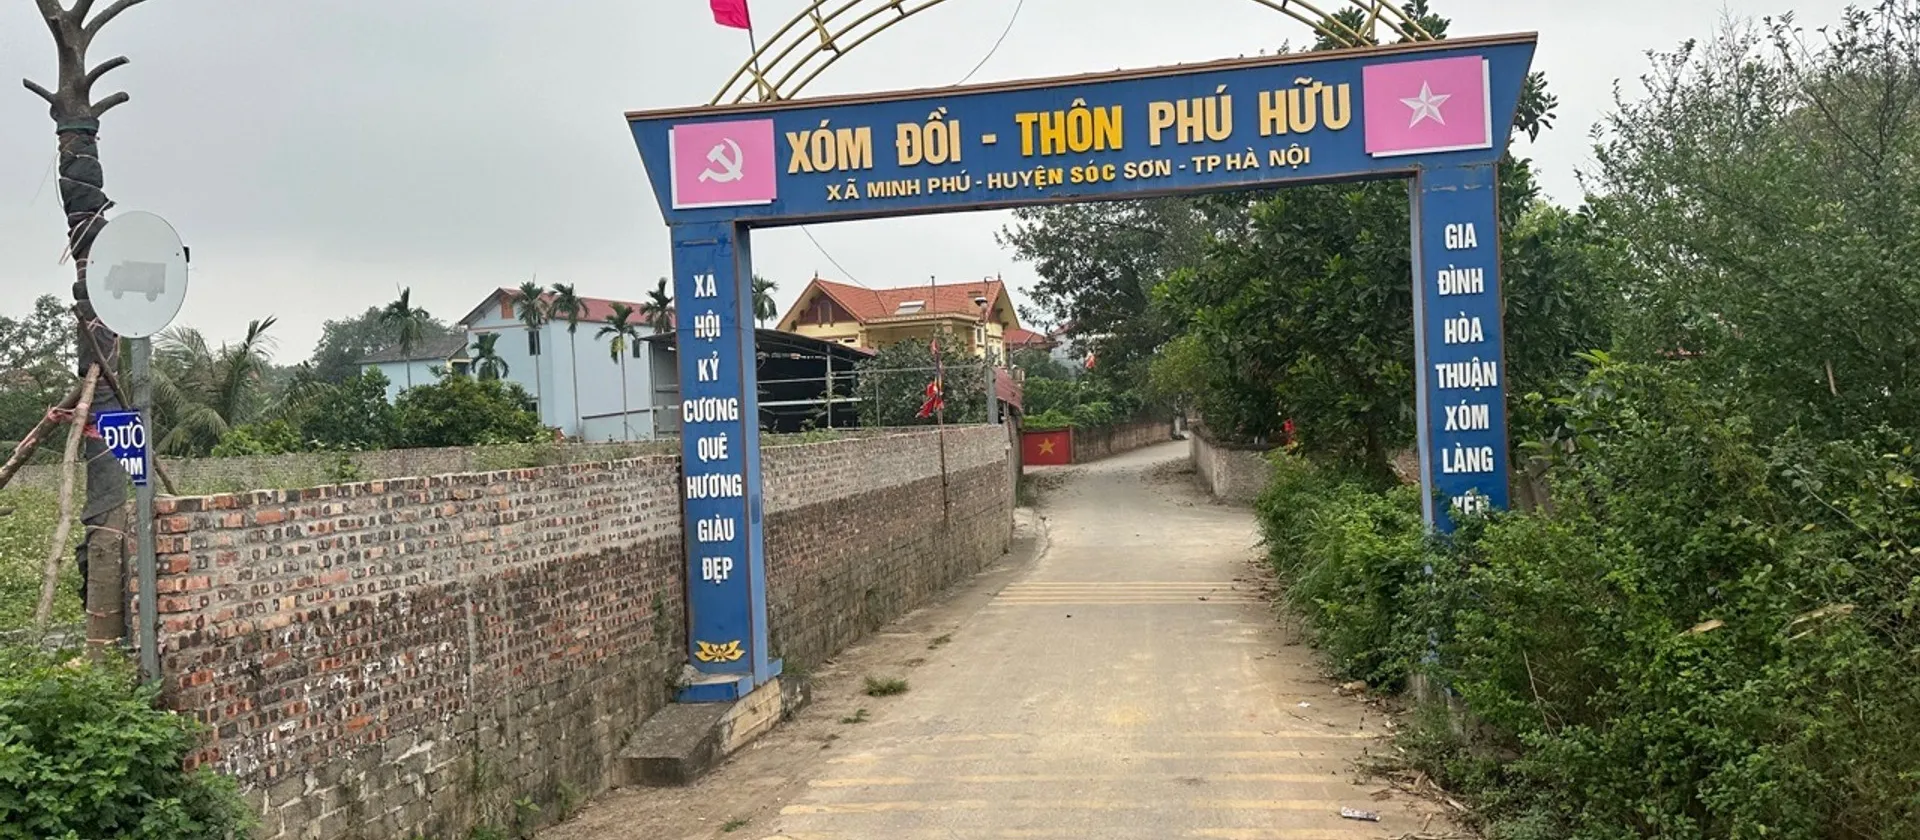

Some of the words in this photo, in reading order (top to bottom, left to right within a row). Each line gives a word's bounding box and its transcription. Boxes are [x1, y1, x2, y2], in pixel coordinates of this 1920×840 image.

[785, 119, 874, 174] XÓM
[896, 106, 961, 166] ĐỒI
[1015, 97, 1123, 156] THÔN
[1149, 84, 1233, 146] PHÚ
[1259, 76, 1351, 137] HỮU
[827, 178, 860, 201] XÃ
[867, 179, 921, 198] MINH
[928, 169, 971, 194] PHÚ
[988, 165, 1064, 190] HUYỆN
[1071, 159, 1116, 184] SÓC
[1124, 158, 1171, 180] SƠN
[1269, 143, 1311, 169] NỘI
[1444, 223, 1478, 250] GIA
[1438, 264, 1484, 295] ĐÌNH
[694, 309, 721, 342] HỘI
[1444, 311, 1484, 344] HÒA
[698, 351, 720, 382] KỶ
[1435, 356, 1498, 392] THUẬN
[683, 396, 739, 423] CƯƠNG
[1444, 399, 1490, 431] XÓM
[697, 432, 729, 463] QUÊ
[1442, 442, 1494, 473] LÀNG
[686, 473, 743, 499] HƯƠNG
[697, 514, 735, 542] GIÀU
[702, 556, 733, 584] ĐẸP
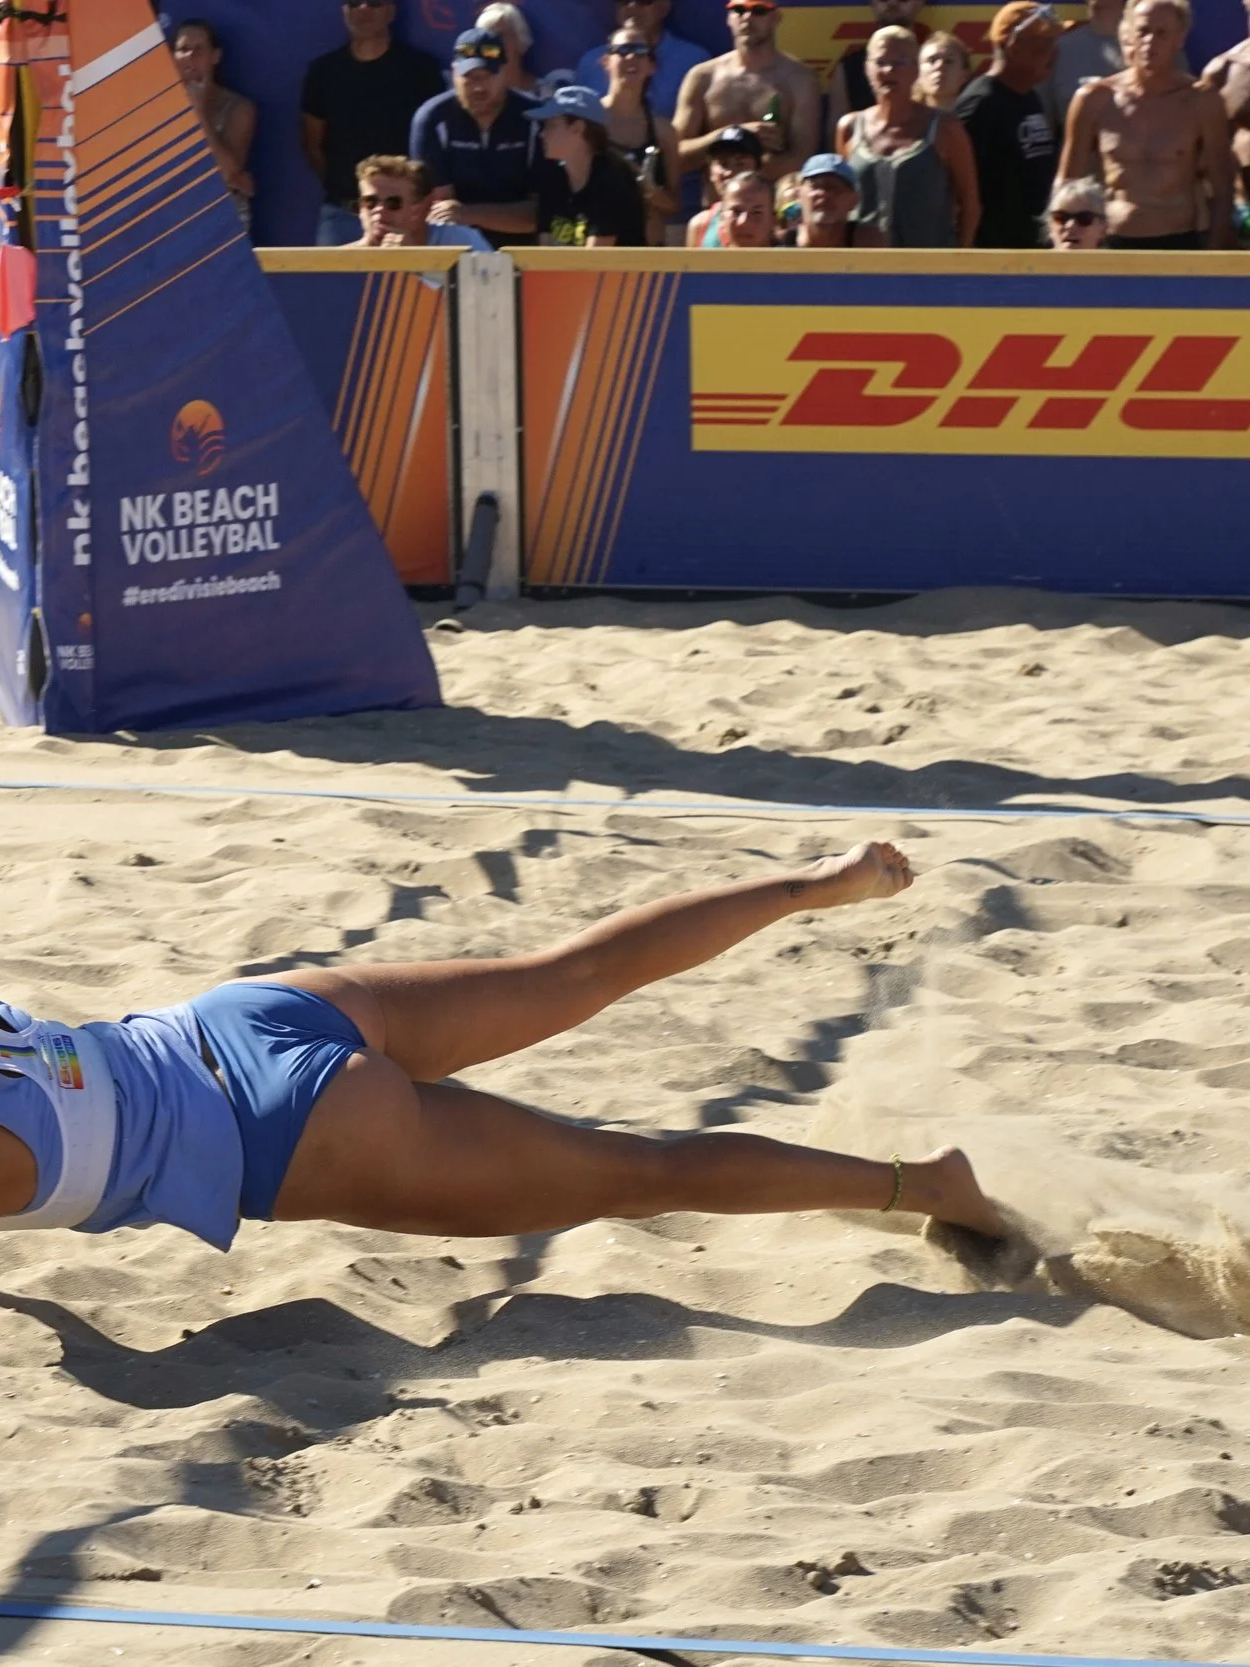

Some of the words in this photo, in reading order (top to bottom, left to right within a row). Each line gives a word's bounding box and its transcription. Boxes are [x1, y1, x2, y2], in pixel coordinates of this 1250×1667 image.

[779, 332, 1250, 431] DHL
[120, 493, 167, 532] NK
[172, 482, 279, 526] BEACH
[121, 519, 281, 566] VOLLEYBAL

Problem details: Give back the material word for word, without images.

Response for this exercise:
Some of the words in this photo, in reading order (top to bottom, left to right within a row). Each line gives a word's bounding box and its transcription. Boxes are [x1, y1, x2, y2], in pixel coordinates of this 1920×840 image.

[785, 119, 874, 174] XÓM
[896, 106, 961, 166] ĐỒI
[1015, 97, 1123, 156] THÔN
[1149, 84, 1233, 146] PHÚ
[1259, 76, 1351, 137] HỮU
[827, 178, 860, 201] XÃ
[867, 179, 921, 198] MINH
[928, 169, 971, 194] PHÚ
[988, 165, 1064, 190] HUYỆN
[1071, 159, 1116, 184] SÓC
[1124, 158, 1171, 180] SƠN
[1269, 143, 1311, 169] NỘI
[1444, 223, 1478, 250] GIA
[1438, 264, 1484, 295] ĐÌNH
[694, 309, 721, 342] HỘI
[1444, 311, 1484, 344] HÒA
[698, 351, 720, 382] KỶ
[1435, 356, 1498, 392] THUẬN
[683, 396, 739, 423] CƯƠNG
[1444, 399, 1490, 431] XÓM
[697, 432, 729, 463] QUÊ
[1442, 442, 1494, 473] LÀNG
[686, 473, 743, 499] HƯƠNG
[697, 514, 735, 542] GIÀU
[702, 556, 733, 584] ĐẸP

Some of the words in this photo, in reading order (top to bottom, left to right within a row). Each line gives a word's bounding box and its transcription. Boxes are [x1, y1, x2, y2], in pixel coordinates of this 1250×1667 image.

[779, 332, 1250, 431] DHL
[120, 493, 167, 532] NK
[172, 482, 279, 526] BEACH
[121, 519, 281, 566] VOLLEYBAL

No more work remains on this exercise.